[Opening Materials provided section]

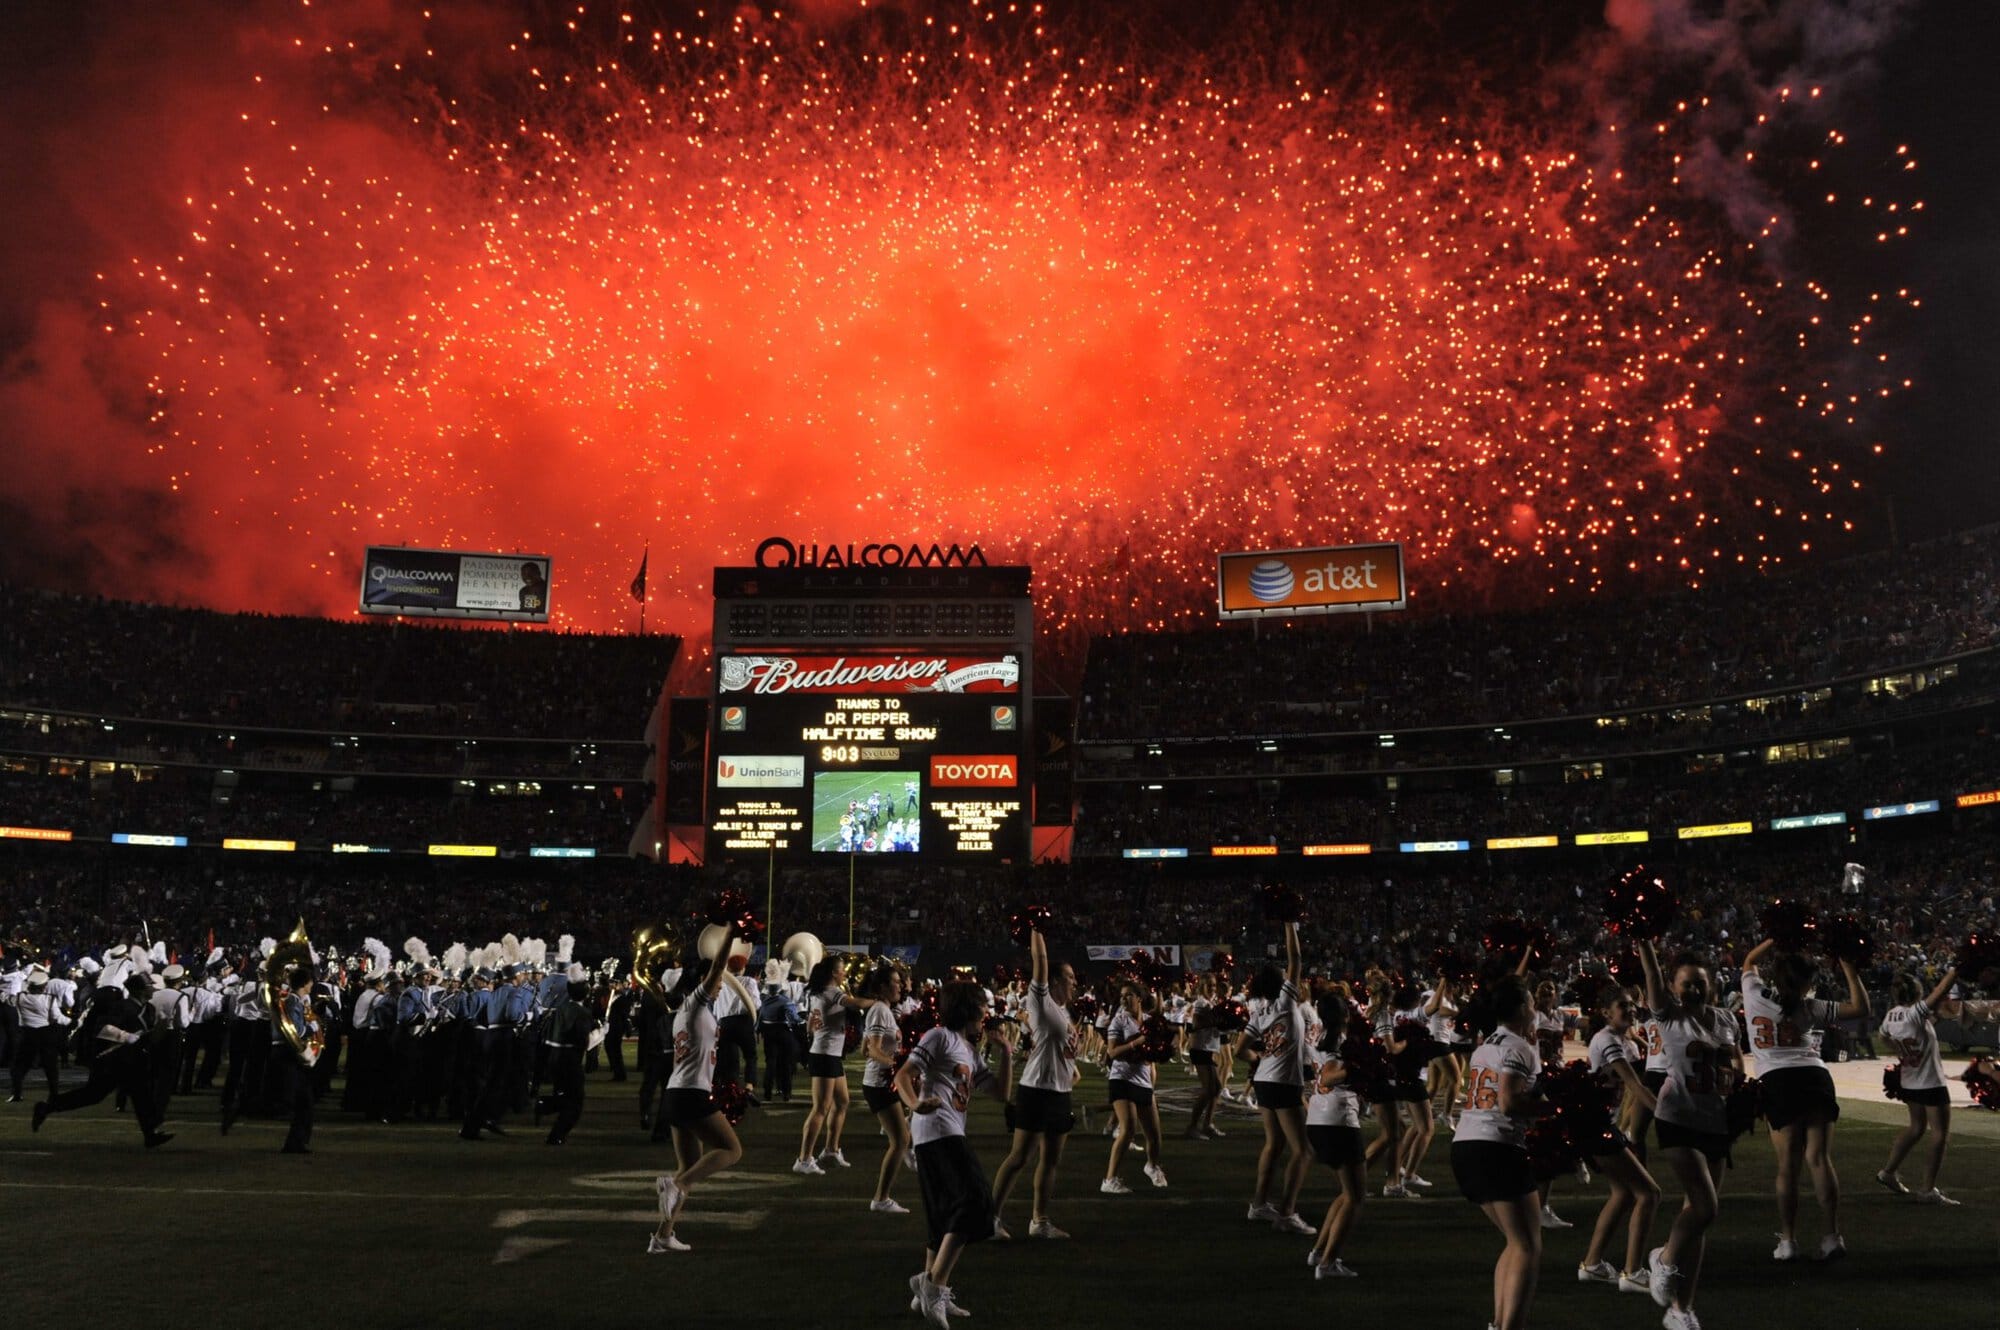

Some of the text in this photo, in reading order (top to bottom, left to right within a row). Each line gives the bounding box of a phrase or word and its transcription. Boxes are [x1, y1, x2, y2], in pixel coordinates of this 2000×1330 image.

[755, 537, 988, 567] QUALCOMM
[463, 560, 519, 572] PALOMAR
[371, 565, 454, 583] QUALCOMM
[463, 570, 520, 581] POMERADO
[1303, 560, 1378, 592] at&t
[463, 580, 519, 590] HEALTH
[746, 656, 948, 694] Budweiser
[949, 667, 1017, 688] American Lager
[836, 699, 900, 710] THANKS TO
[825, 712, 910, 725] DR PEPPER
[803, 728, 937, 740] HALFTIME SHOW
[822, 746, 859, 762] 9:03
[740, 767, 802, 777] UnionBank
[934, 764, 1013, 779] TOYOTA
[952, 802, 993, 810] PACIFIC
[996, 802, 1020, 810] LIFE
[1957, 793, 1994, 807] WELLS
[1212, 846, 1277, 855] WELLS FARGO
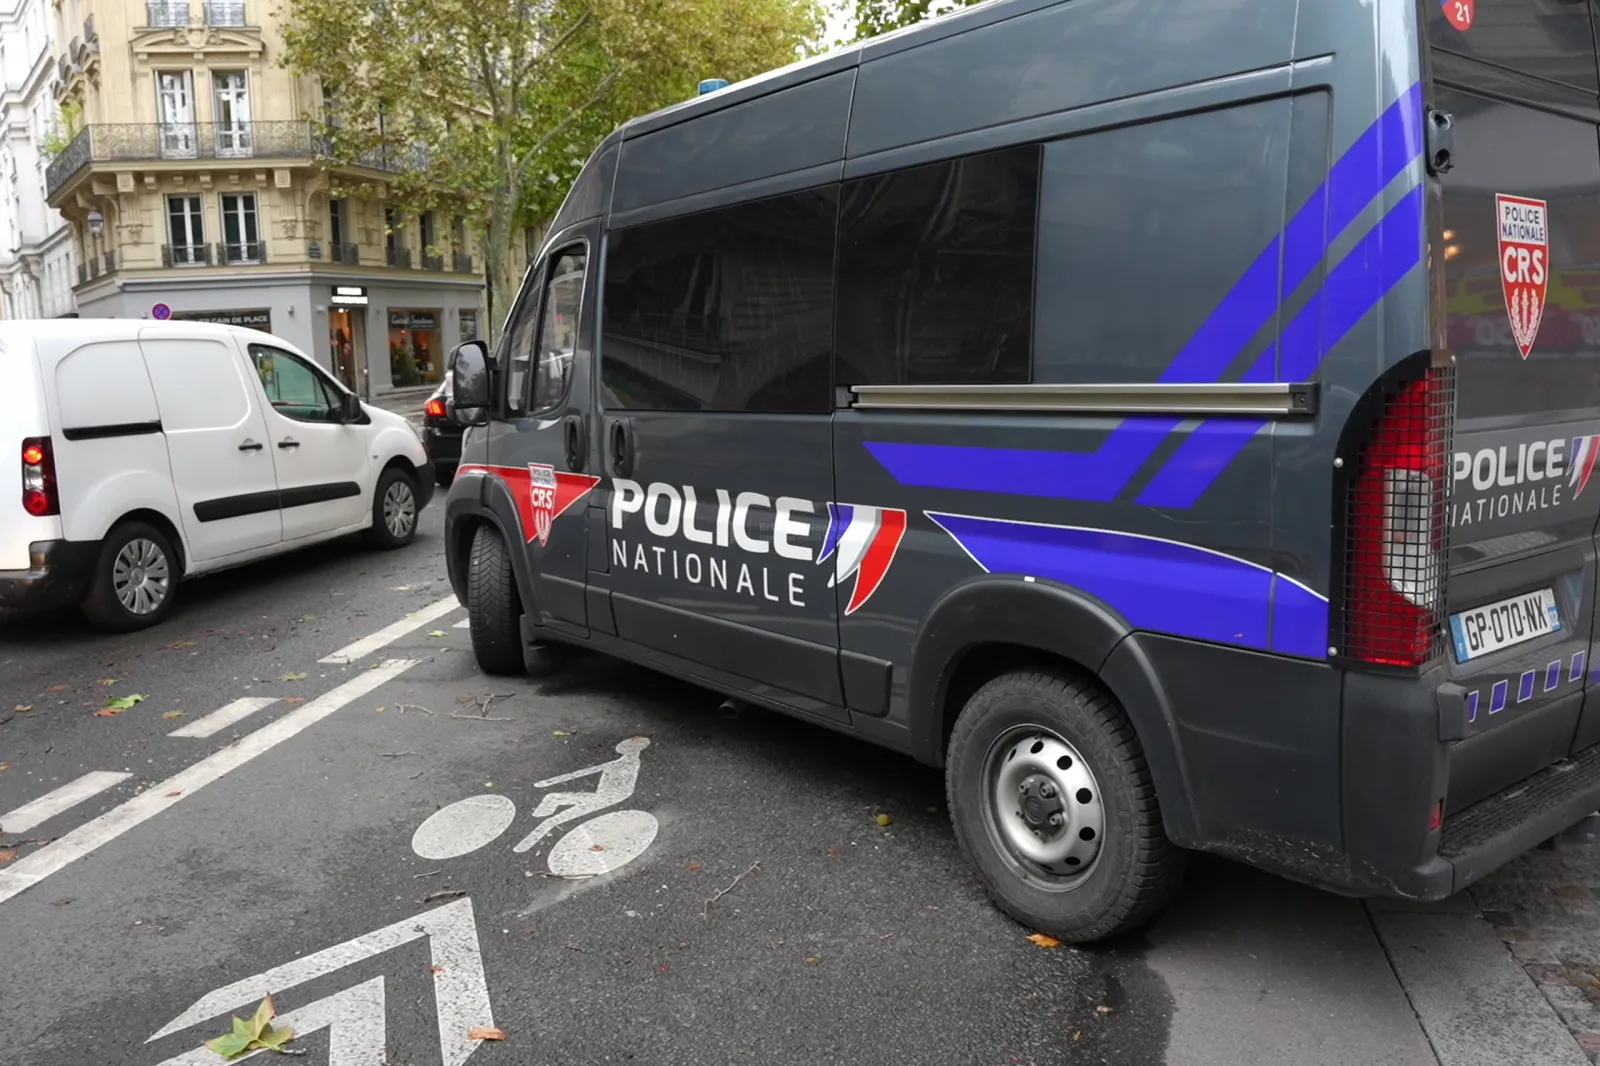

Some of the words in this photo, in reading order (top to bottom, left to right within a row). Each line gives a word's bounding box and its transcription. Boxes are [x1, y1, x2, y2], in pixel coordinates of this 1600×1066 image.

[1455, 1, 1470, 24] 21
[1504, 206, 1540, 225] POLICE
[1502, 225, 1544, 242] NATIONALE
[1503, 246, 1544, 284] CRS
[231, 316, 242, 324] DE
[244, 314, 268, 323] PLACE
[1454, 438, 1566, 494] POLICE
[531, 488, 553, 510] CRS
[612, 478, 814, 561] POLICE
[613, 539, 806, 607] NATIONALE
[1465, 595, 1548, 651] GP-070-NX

[Closing Materials provided section]

Above are records with pictures; repeat them exactly, but without the pictures.

Some of the text in this photo, in reading order (top to bottom, left to right within a row). Each line gives the bounding box of a phrase or word and its transcription. Boxes are [x1, y1, x2, y2], in pixel coordinates of this 2000×1330 image.

[755, 537, 988, 567] QUALCOMM
[463, 560, 519, 572] PALOMAR
[371, 565, 454, 583] QUALCOMM
[463, 570, 520, 581] POMERADO
[1303, 560, 1378, 592] at&t
[463, 580, 519, 590] HEALTH
[746, 656, 948, 694] Budweiser
[949, 667, 1017, 688] American Lager
[836, 699, 900, 710] THANKS TO
[825, 712, 910, 725] DR PEPPER
[803, 728, 937, 740] HALFTIME SHOW
[822, 746, 859, 762] 9:03
[740, 767, 802, 777] UnionBank
[934, 764, 1013, 779] TOYOTA
[952, 802, 993, 810] PACIFIC
[996, 802, 1020, 810] LIFE
[1957, 793, 1994, 807] WELLS
[1212, 846, 1277, 855] WELLS FARGO

Some of the words in this photo, in reading order (top to bottom, left to right within a row). Each line gives a word's bounding box and its transcription. Boxes are [x1, y1, x2, y2], in pixel coordinates of this 1600×1066 image.

[1455, 1, 1470, 24] 21
[1504, 206, 1540, 225] POLICE
[1502, 225, 1544, 242] NATIONALE
[1503, 246, 1544, 284] CRS
[231, 316, 242, 324] DE
[244, 314, 268, 323] PLACE
[1454, 438, 1566, 494] POLICE
[531, 488, 553, 510] CRS
[612, 478, 814, 561] POLICE
[613, 539, 806, 607] NATIONALE
[1465, 595, 1548, 651] GP-070-NX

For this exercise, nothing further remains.